#### Problem statement:
Reproduce the entries word for word but drop every picture.

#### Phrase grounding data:
---*---

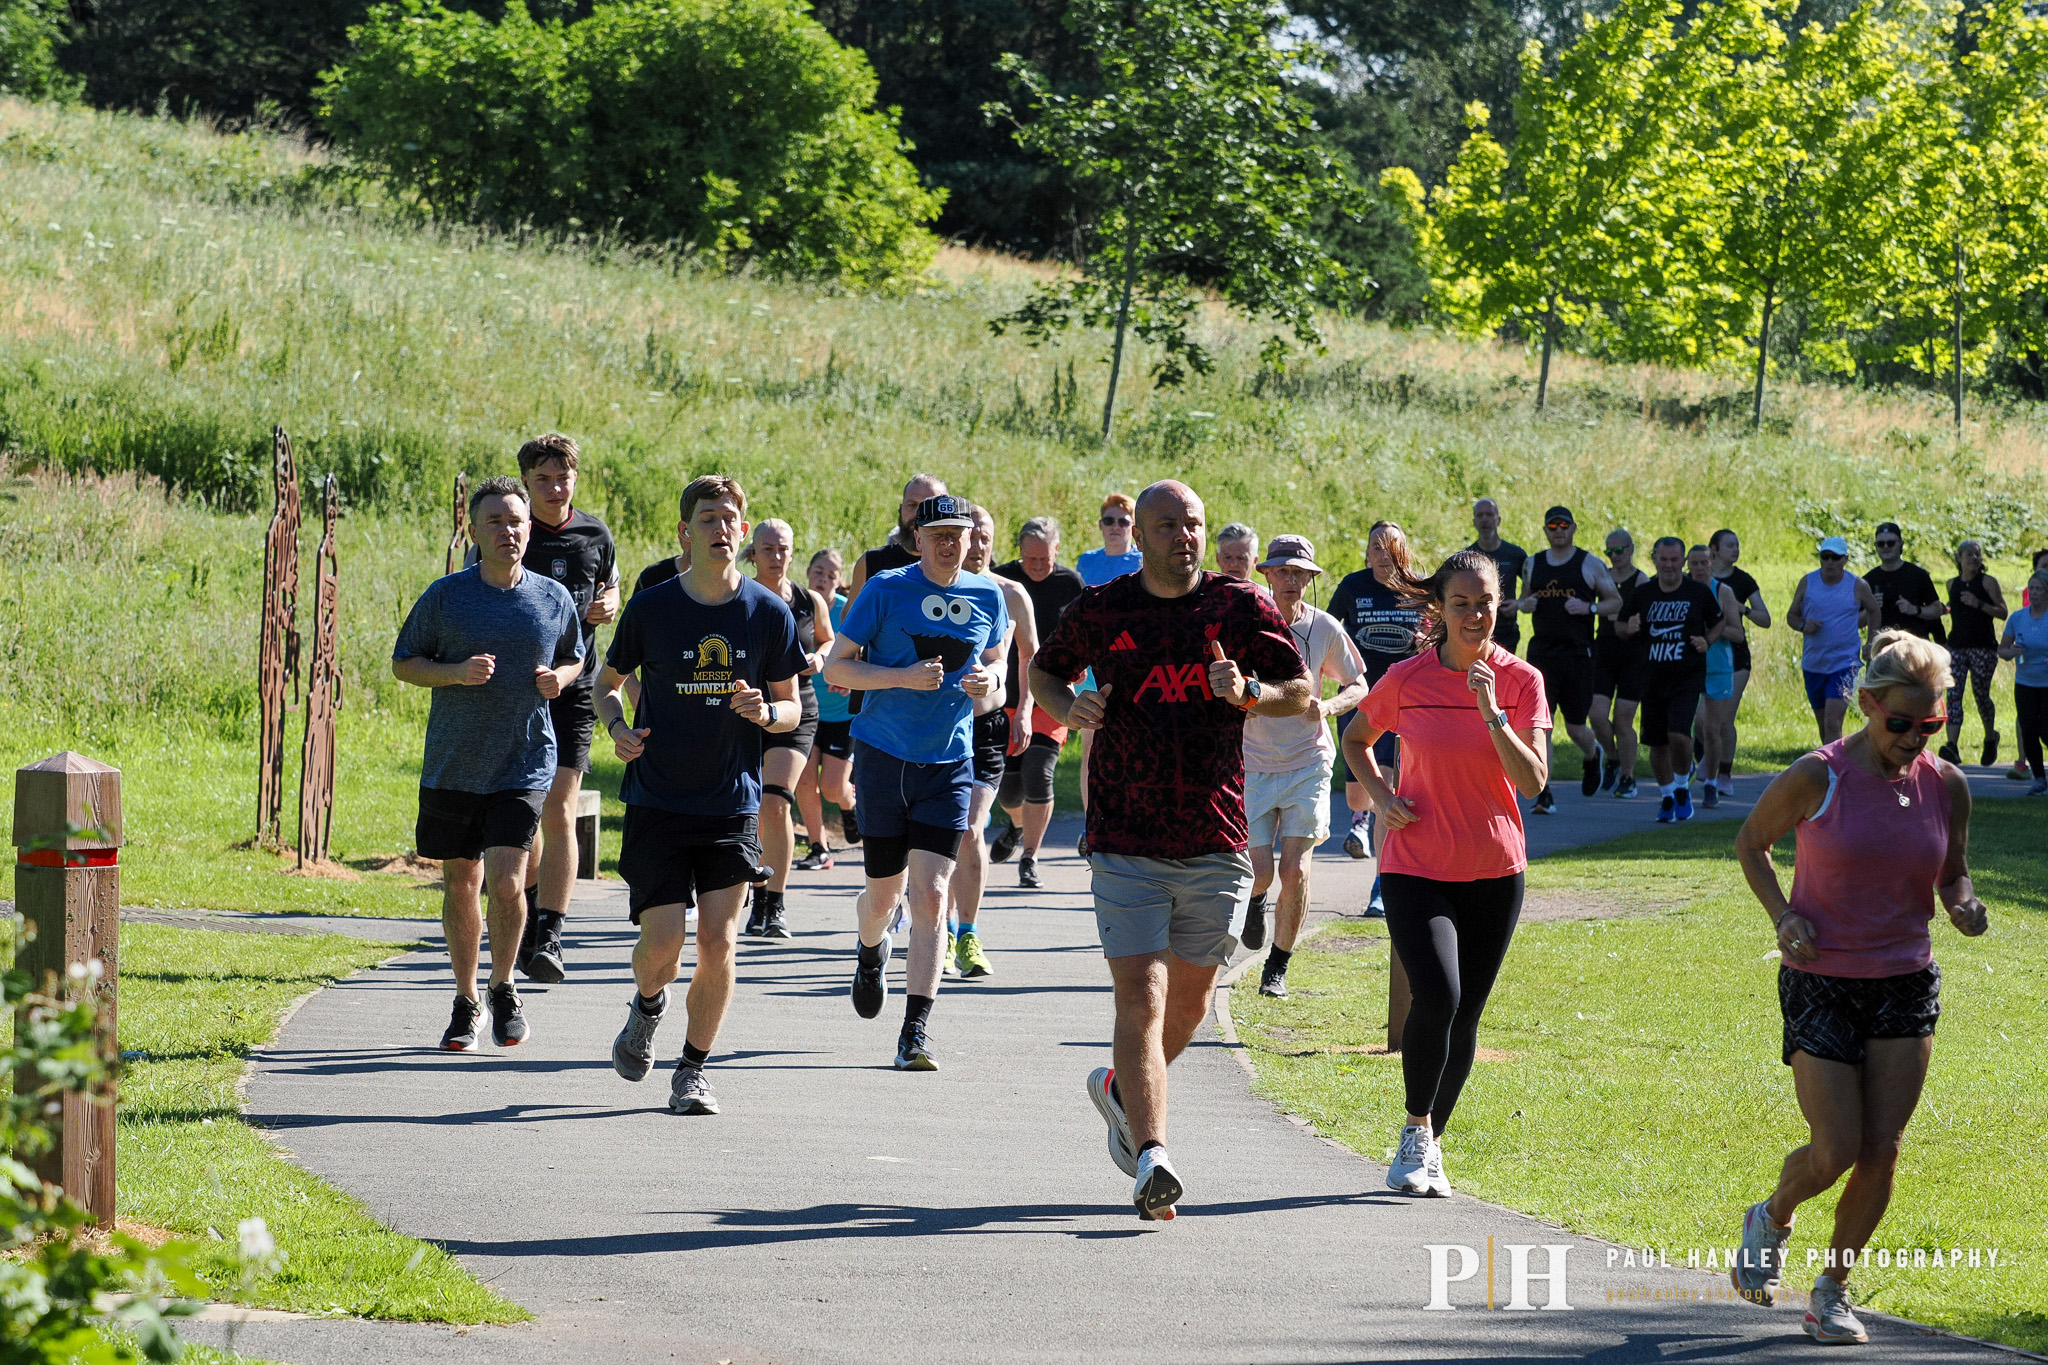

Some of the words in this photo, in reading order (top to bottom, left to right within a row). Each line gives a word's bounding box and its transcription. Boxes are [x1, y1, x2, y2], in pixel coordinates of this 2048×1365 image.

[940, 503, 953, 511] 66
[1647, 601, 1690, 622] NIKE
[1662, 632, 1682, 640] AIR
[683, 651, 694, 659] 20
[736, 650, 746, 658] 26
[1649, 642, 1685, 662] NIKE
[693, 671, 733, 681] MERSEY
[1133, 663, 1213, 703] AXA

---*---

#### Answer space:
Some of the words in this photo, in reading order (top to bottom, left to right within a row). Each line gives a word's bounding box and its transcription. Boxes are [x1, y1, x2, y2], in pixel coordinates of this 2048×1365 image.

[940, 503, 953, 511] 66
[1647, 601, 1690, 622] NIKE
[1662, 632, 1682, 640] AIR
[683, 651, 694, 659] 20
[736, 650, 746, 658] 26
[1649, 642, 1685, 662] NIKE
[693, 671, 733, 681] MERSEY
[1133, 663, 1213, 703] AXA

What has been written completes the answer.